_Input material_
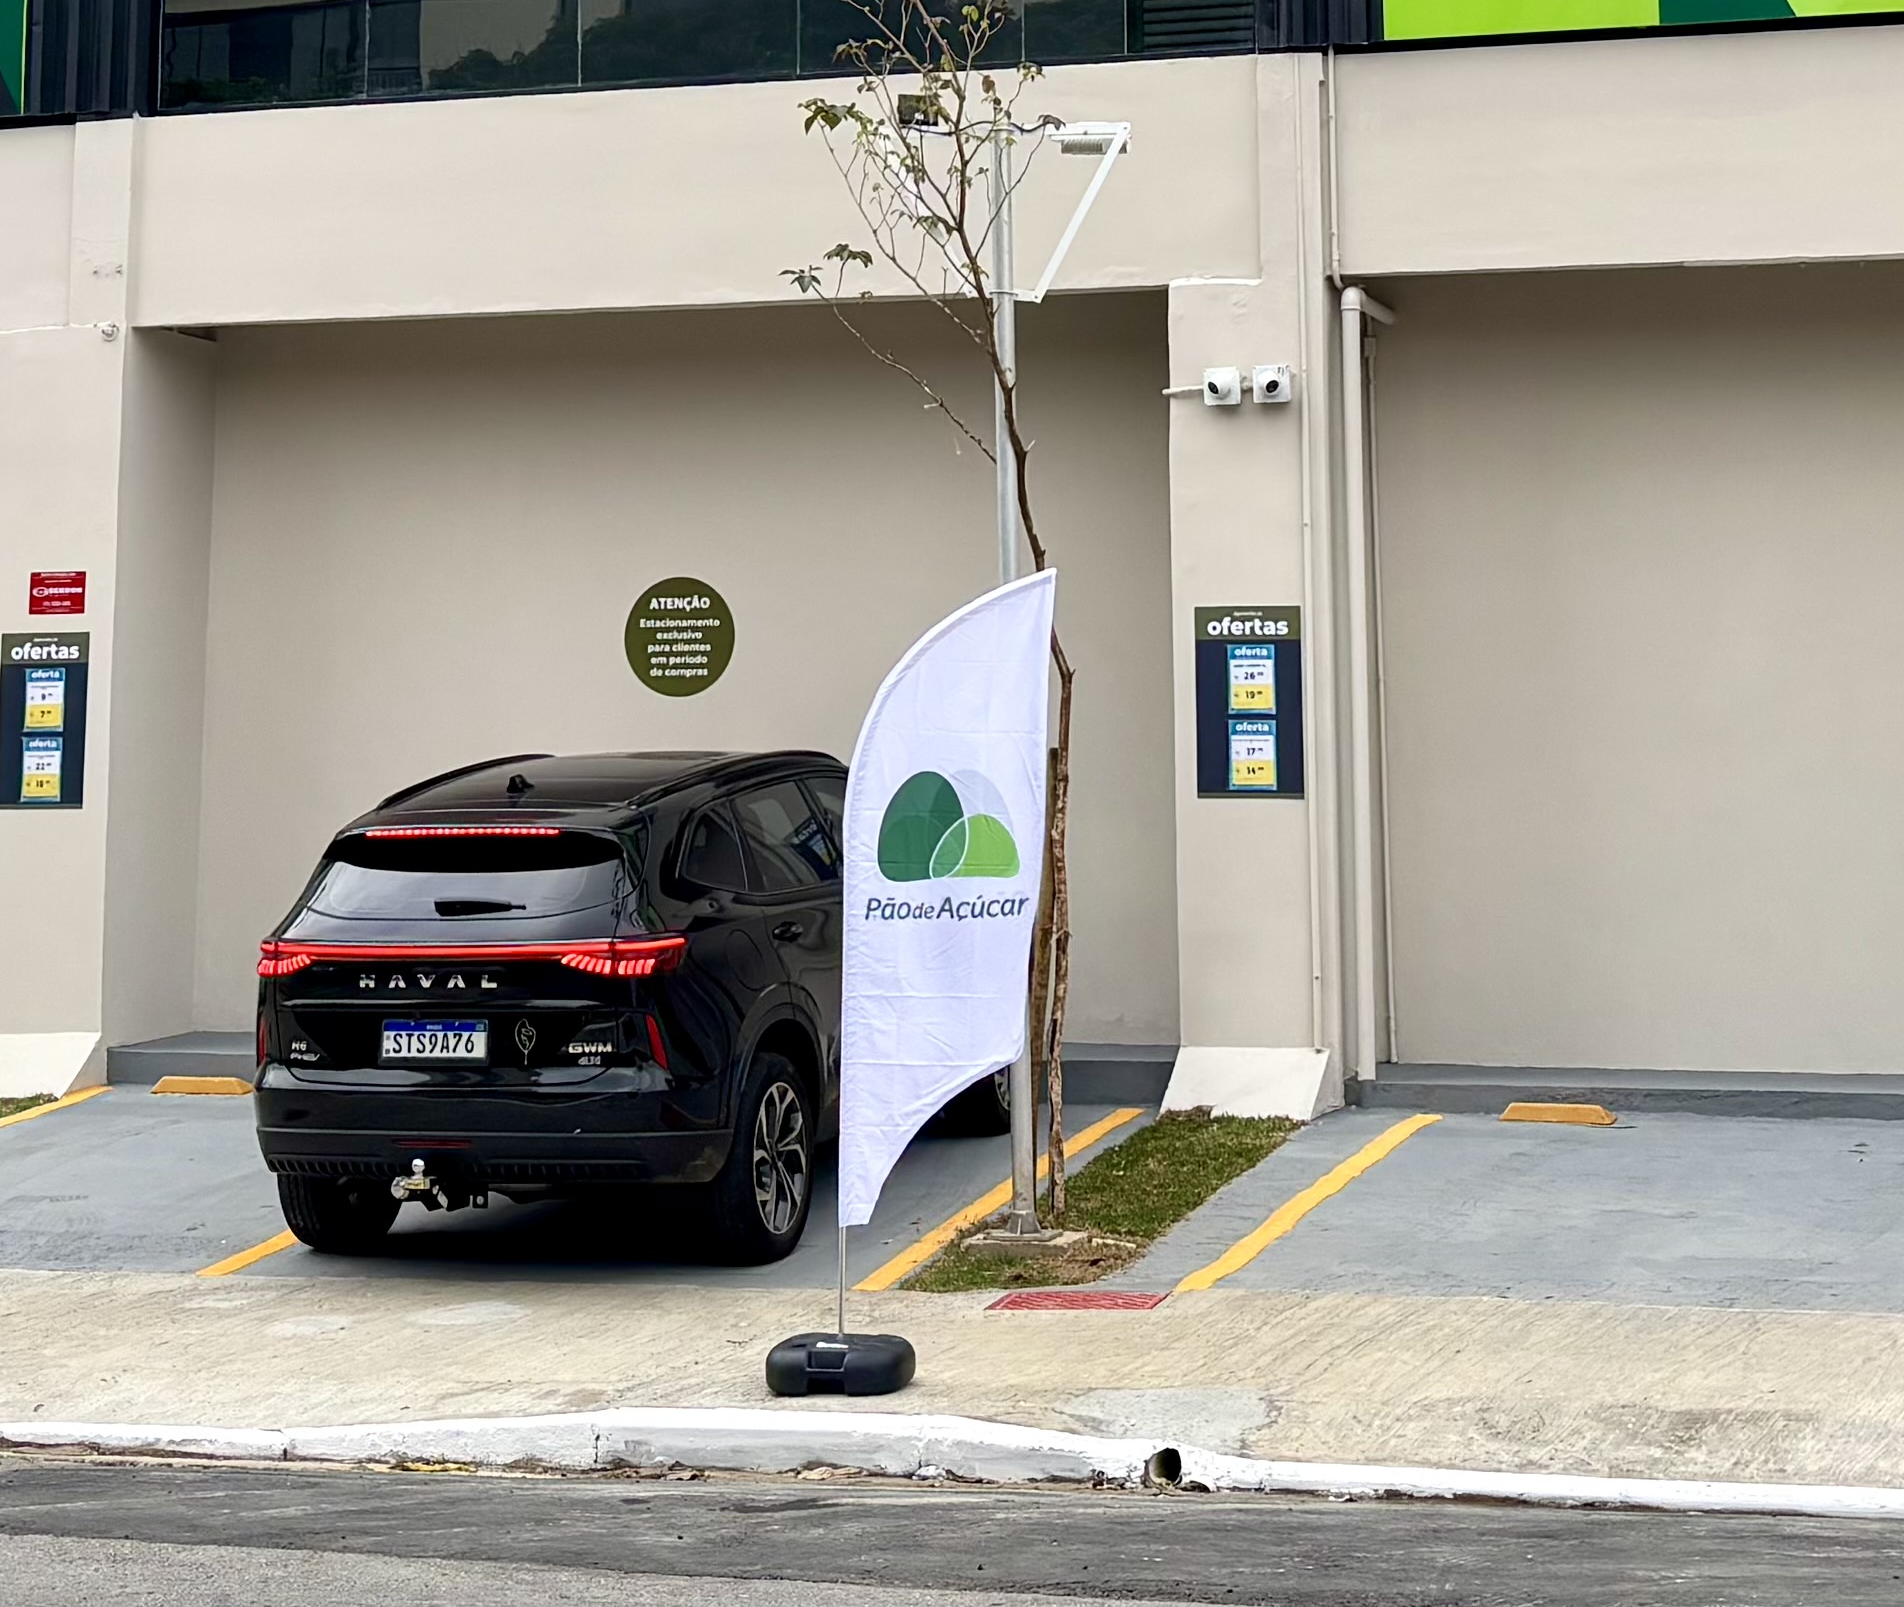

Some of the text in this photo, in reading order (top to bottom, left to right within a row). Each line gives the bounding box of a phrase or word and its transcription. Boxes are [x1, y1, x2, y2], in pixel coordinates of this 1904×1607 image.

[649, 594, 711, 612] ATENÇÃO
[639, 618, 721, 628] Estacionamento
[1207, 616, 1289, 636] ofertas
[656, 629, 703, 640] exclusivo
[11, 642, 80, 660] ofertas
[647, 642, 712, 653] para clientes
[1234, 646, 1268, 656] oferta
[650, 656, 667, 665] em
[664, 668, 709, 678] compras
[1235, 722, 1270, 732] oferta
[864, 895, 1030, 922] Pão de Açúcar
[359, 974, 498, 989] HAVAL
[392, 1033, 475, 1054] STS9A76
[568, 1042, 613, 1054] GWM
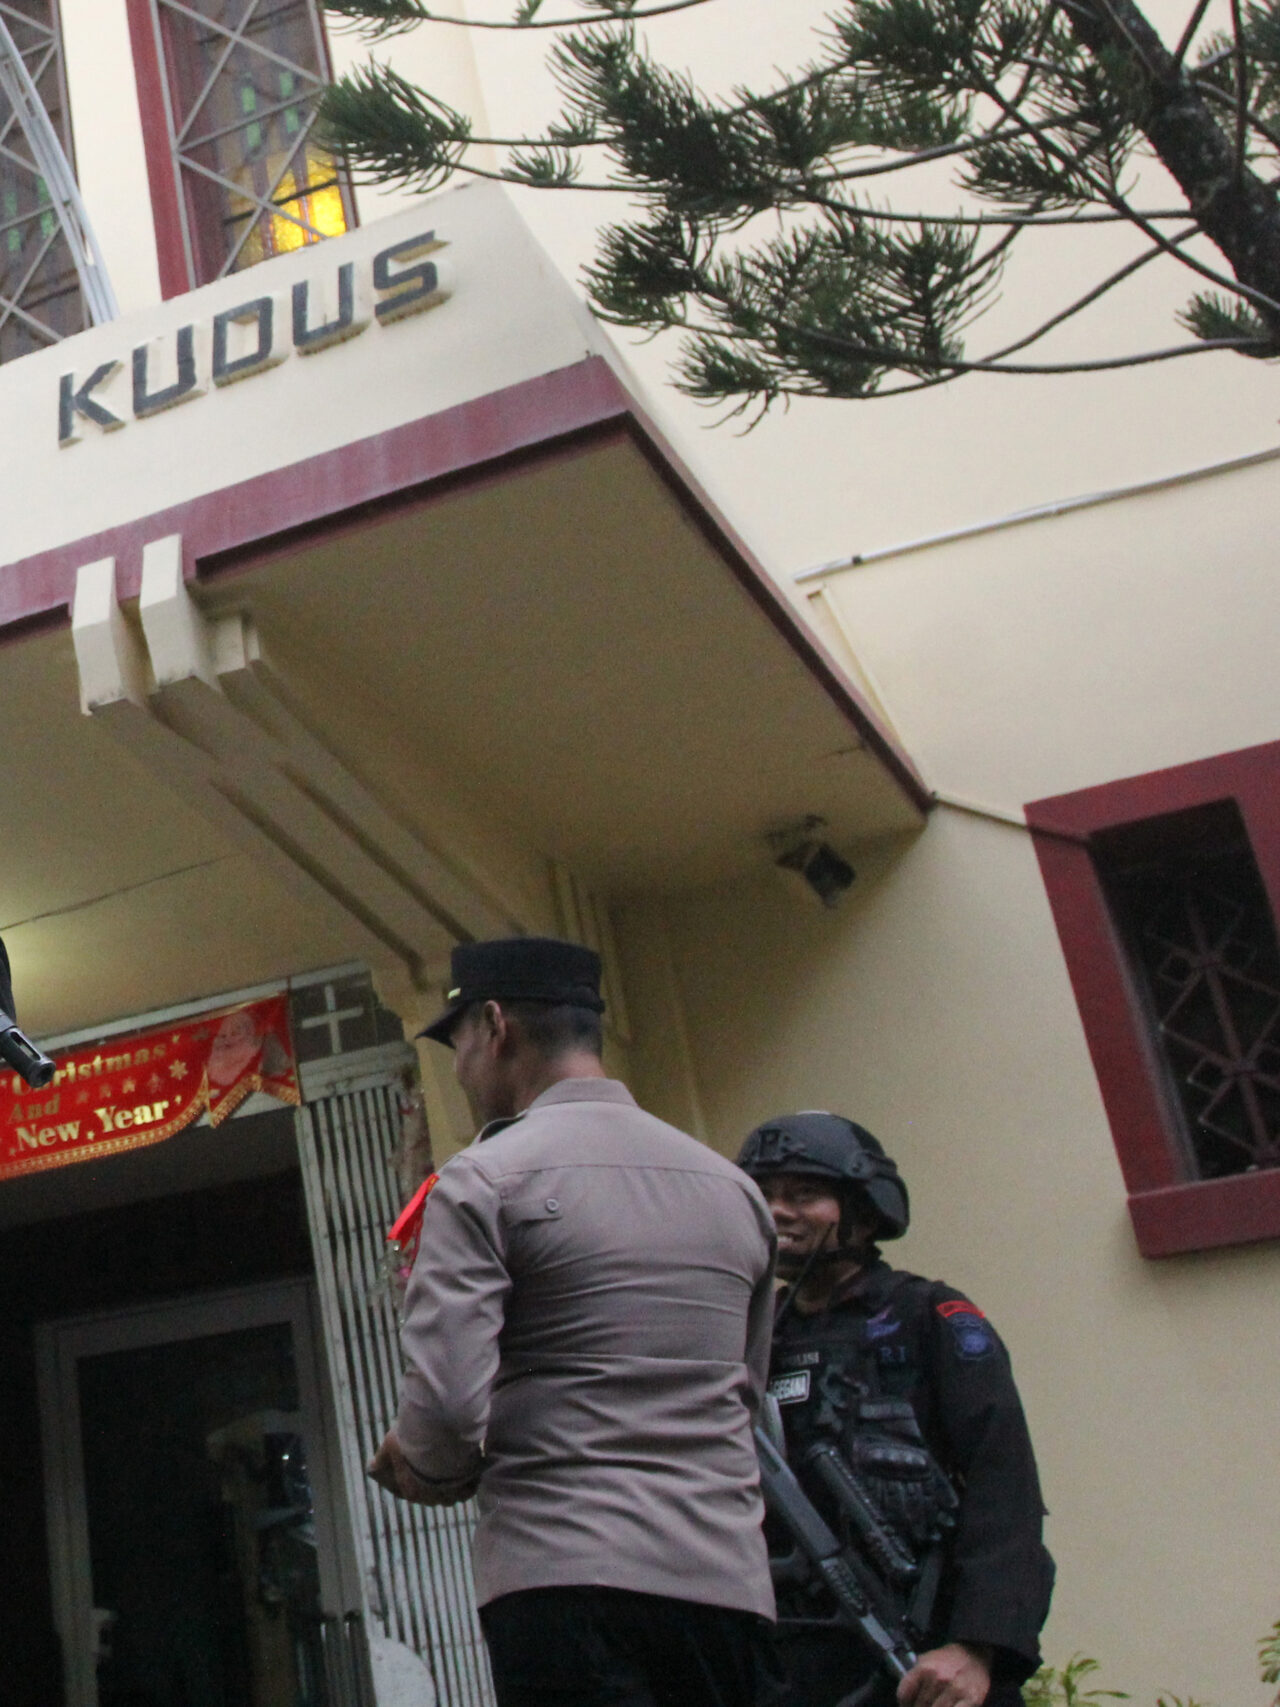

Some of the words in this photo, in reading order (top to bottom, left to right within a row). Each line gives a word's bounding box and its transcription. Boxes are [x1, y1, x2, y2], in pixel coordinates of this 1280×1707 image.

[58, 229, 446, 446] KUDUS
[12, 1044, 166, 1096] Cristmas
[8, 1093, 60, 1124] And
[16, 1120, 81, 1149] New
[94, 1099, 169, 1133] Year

_Assigned task_
The lines from the one holding "Some of the words" to the final line of the entries, both included, are what should be output, exactly and alone.

_Written answer_
Some of the words in this photo, in reading order (top to bottom, left to right within a row). Each line gives a word's bounding box and its transcription. Boxes are [x1, y1, x2, y2], in pixel coordinates of this 1280×1707 image.

[58, 229, 446, 446] KUDUS
[12, 1044, 166, 1096] Cristmas
[8, 1093, 60, 1124] And
[16, 1120, 81, 1149] New
[94, 1099, 169, 1133] Year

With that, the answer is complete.